Universal language may refer to a hypothetical or historical language spoken and understood by all or most of the world's population. In some contexts, it refers to a means of communication said to be understood by all living things, beings, and objects alike. It may be the idea of an international auxiliary language for communication between groups speaking different primary languages. In other conceptions, it may be the primary language of all speakers, or the only existing language. Some religious and mythological traditions state that there was once a single universal language among all people, or shared by humans and supernatural beings.
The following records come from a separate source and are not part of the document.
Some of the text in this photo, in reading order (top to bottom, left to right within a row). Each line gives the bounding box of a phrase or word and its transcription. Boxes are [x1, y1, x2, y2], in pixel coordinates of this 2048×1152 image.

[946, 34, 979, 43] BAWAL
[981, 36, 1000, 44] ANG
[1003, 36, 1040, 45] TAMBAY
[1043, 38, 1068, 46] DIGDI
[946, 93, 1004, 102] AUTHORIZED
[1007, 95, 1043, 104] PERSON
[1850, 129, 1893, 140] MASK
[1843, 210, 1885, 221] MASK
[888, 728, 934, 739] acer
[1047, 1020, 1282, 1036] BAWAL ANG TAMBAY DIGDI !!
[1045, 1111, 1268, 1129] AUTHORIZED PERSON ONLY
In other traditions, there is less interest in or a general deflection of the question. For example in Islam the Arabic language is the language of the Qur'an, and so universal for Muslims. The written Classical Chinese language was and is still read widely but pronounced differently by readers in China, Vietnam, Korea and Japan; for centuries it was a ''de facto'' universal ''literary'' language for a broad-based culture. In something of the same way Sanskrit in India and Nepal, and Pali in Sri Lanka and in Theravada countries of South-East Asia (Burma, Thailand, Cambodia), were literary languages for many for whom they were not their mother tongue.
Comparably, the Latin language (''qua'' Medieval Latin) was in effect a universal language of literati in the Middle Ages, and the language of the Vulgate Bible in the area of Catholicism, which covered most of Western Europe and parts of Northern and Central Europe also.
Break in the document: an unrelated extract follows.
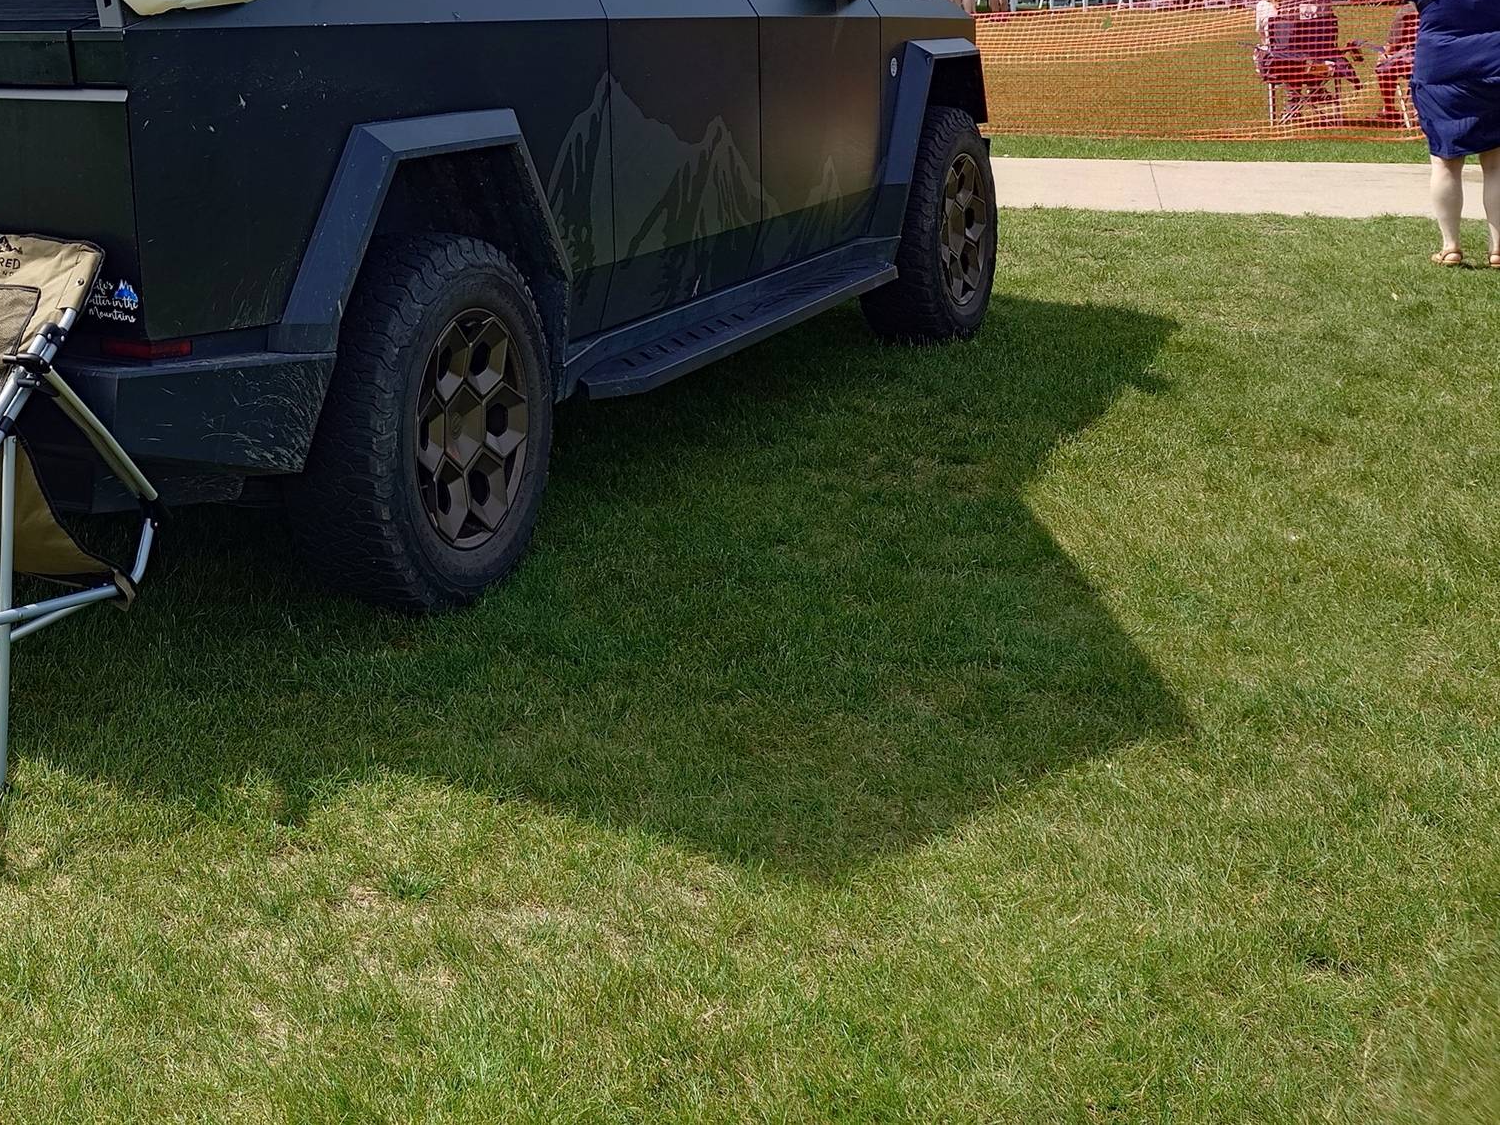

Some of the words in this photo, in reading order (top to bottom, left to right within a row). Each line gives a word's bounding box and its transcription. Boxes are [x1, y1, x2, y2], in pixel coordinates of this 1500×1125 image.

[93, 278, 114, 295] ife's
[89, 293, 111, 306] etter
[122, 295, 138, 310] the
[89, 306, 136, 323] Mountains
In a more practical fashion, trade languages, such as ancient Koine Greek, may be seen as a kind of ''real'' universal language, that was used for commerce.
In historical linguistics, monogenesis refers to the idea that all spoken human languages are descended from a single ancestral language spoken many thousands of years ago.
==Mythological universal languages==

Various religious texts, myths and legends describe a state of humanity in which originally only one language was spoken. In Judeo-Christian beliefs, the "confusion of tongues" described in the Biblical story of the Tower of Babel tells of the creation of numerous languages from an original Adamic language. Similar myths exist in other cultures describing the creation of multiple languages as an act of a god, such as the destruction of a 'knowledge tree' by Brahma in Indic tradition, or as a gift from the God Hermes in Greek myth. Other myths describe the creation of different languages as concurrent with the creation of different tribes of people, or due to supernatural events.